Dígito pulgar derecho, dígito pulgar izquierdo, scanner del pasaporte, foto y adelante. Dentro de todo hicieron rápido. No despaché equipaje, así que a la media hora de haber aterrizado ya estaba oficialmente en Estados Unidos.
Hasta Jamaica Station no tuve casi ningún problema. Pagué el boleto con los pocos dólares que le cambié a un turista alemán que luchaba contra la expendedora de billetes. Las tarjetas de débito europeas no aceptan un gasto en Estados Unidos de apenas 5 dólares, así que no queda otra que pagar en efectivo.

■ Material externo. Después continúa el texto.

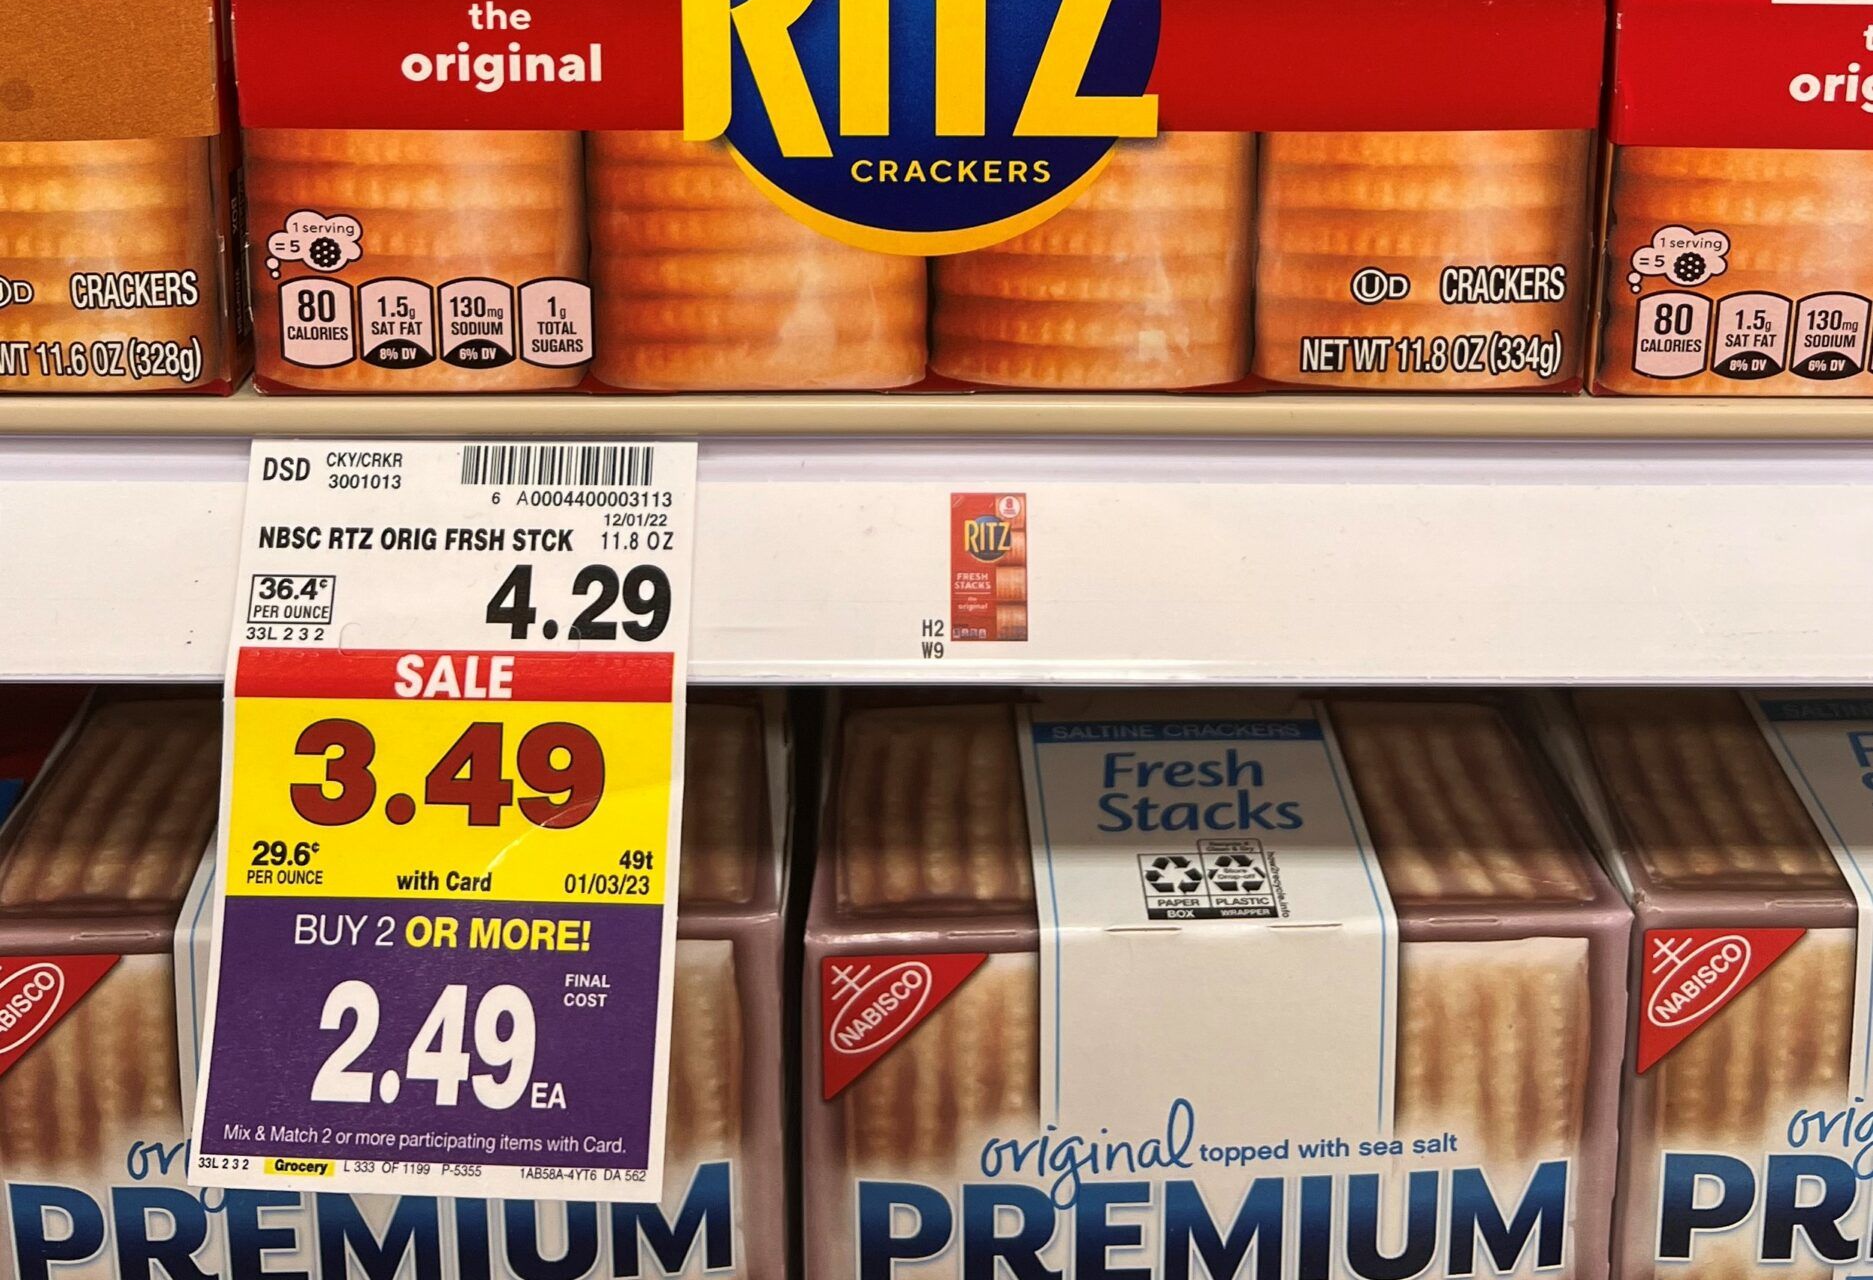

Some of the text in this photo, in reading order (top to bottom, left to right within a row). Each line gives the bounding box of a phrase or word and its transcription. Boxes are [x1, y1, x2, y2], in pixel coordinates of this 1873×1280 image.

Compré una metro card para andar en subte y seguí las instrucciones para llegar al depto de mi amiga Lisa en City College. El viaje en subte me pareció interminable.

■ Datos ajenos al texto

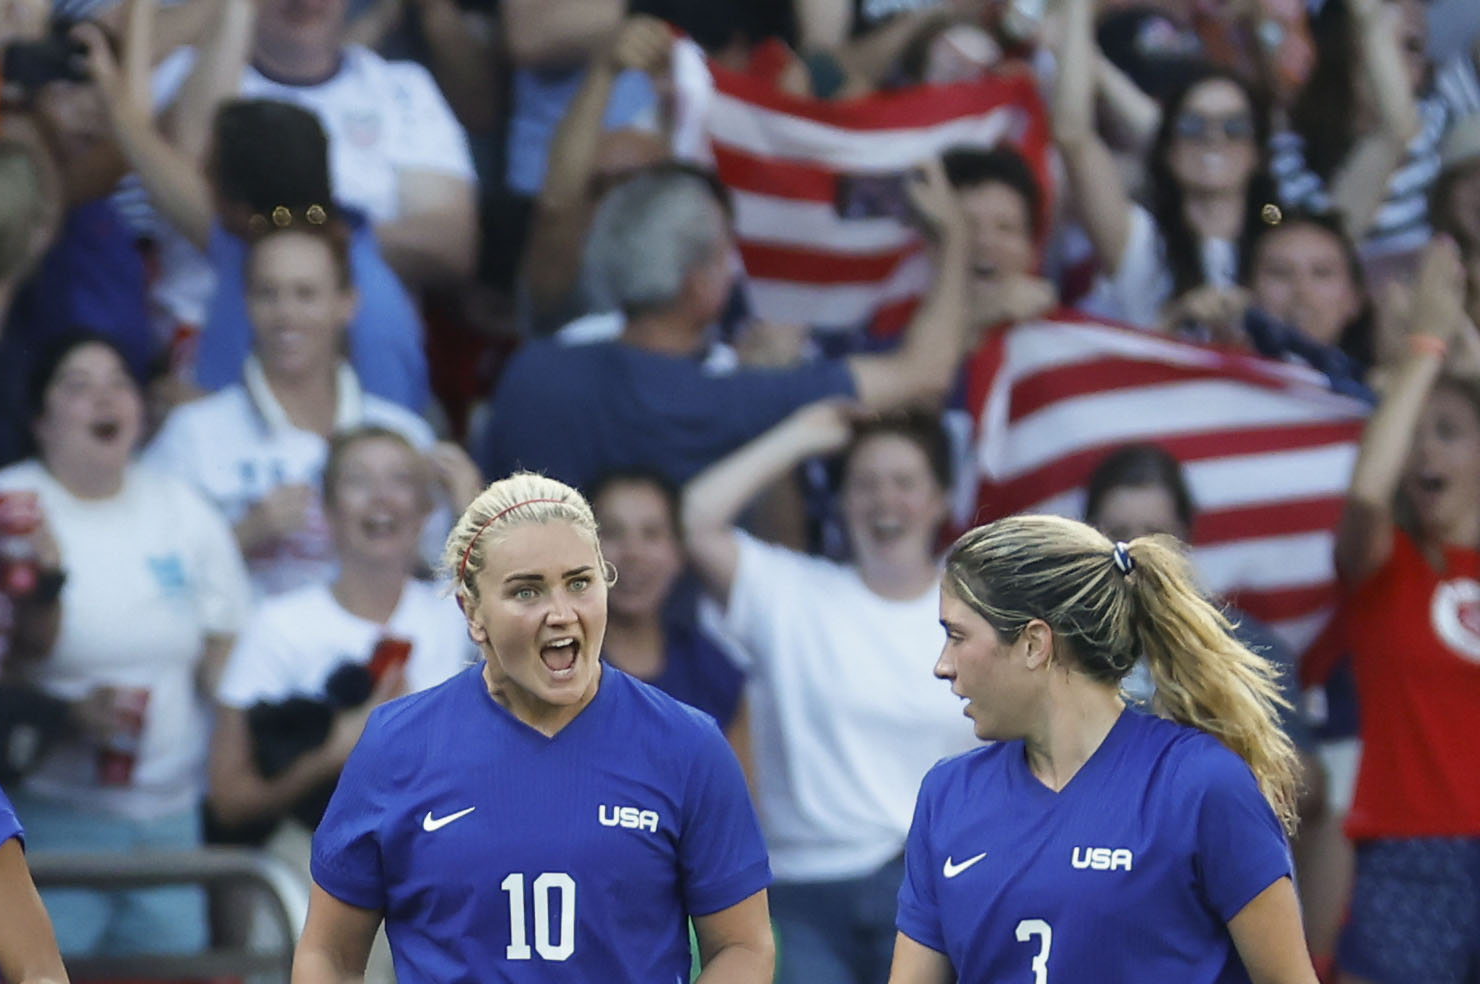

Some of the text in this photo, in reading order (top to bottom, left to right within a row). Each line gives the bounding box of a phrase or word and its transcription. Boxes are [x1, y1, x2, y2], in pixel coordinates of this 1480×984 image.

[598, 804, 659, 833] USA
[1071, 846, 1133, 871] USA
[501, 872, 576, 961] 10
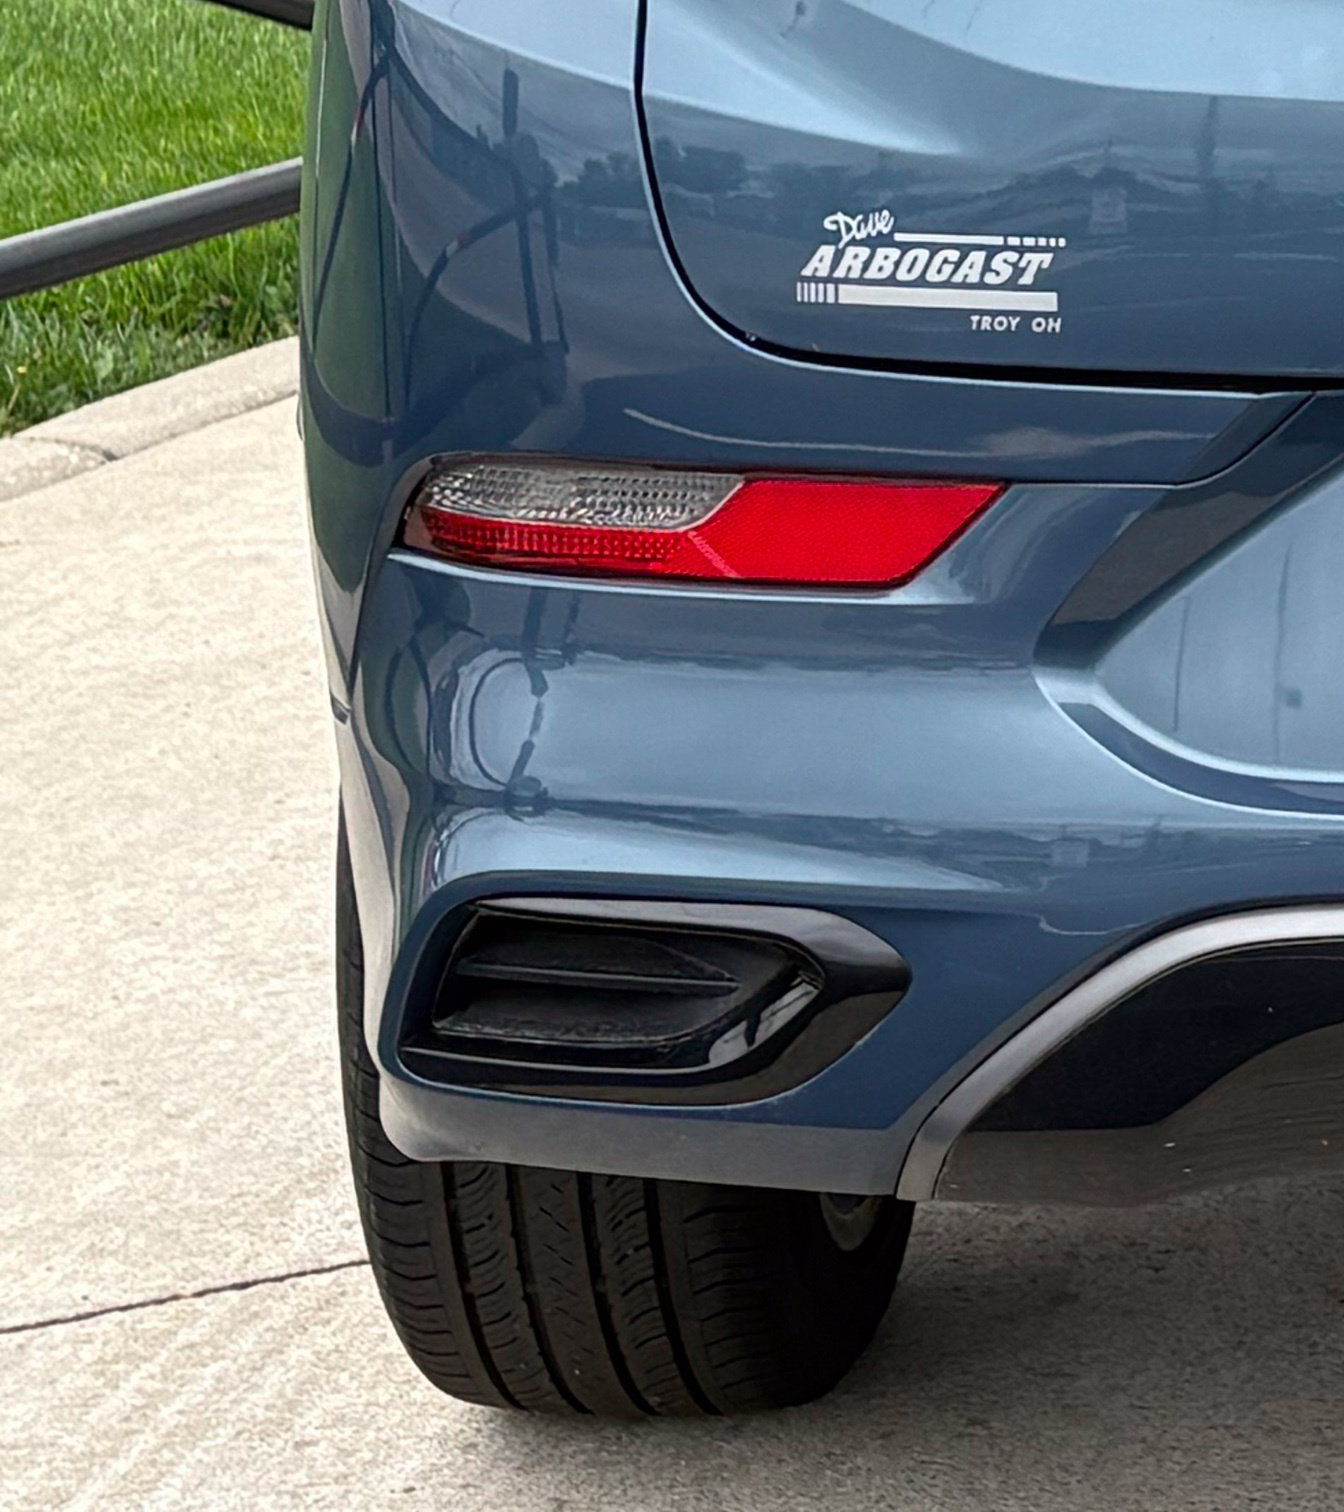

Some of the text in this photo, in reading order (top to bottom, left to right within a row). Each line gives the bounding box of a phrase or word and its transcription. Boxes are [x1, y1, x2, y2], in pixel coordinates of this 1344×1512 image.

[823, 209, 895, 250] Dave
[800, 244, 1055, 285] ARBOGAST
[970, 315, 1062, 333] TROY OH

Finalmente salgo del subte y veo Nueva York por la primera vez, de noche, después de la lluvia, con calor y humedad y en un barrio decadente rodeado de latinos. Podría estar en Santo Domingo, pero la arquitectura no tiene nada de latinoamericana.
Cuando llego al depto de Lisa toco el timbre pero nadie responde. Intento llamarla pero me encuentro con un nuevo problema: mi económico celular europeo es incompatible con la red de Estados Unidos. Busco un teléfono público y me encuentro con un nuevo problema: necesito cambio en monedas. En un restaurante chino consigo que me cambien un dólar. Llamo a Lisa y me dice que la espere en casa, que si su compañera de piso no me abre la puerta, ella llegaría en unos minutos.

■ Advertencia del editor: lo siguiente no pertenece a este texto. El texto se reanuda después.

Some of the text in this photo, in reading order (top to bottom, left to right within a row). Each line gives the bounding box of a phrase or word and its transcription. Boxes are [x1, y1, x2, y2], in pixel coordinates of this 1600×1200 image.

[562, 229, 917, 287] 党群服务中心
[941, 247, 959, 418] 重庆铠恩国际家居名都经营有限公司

Vuelvo a su edificio y esta vez una chica me abre la puerta. Por la cara que tenía, se nota que se acababa de despertar.
Lisa me encontró semidormido sobre el sofá. Sigue siendo la chica encantadora que conocí un año antes en un bar tibetano dando clases de inglés. Me preguntó si estaba con ganas de escuchar jazz con un par de amigas suyas. Le dije que vine a conocer Nueva York, no a dormir.
Fuimos en taxi, en dirección a Harlem, hasta un pequeño pub. Tocaba un grupo de músicos al parecer de Mali, de Niger y de NY. Un par de africanas se contorsionaban rítmicamente cerca del escenario. El bar no estaba muy lleno y nadie fumaba. Fusión de jazz con ritmos y letras de África Occidental. Ambiente cordial y consumo moderado de alcohol.
La música era simplemente fantástica.
Lisa me preguntó si me gustaba el lugar. No pude menos que responderle con una gran sonrisa.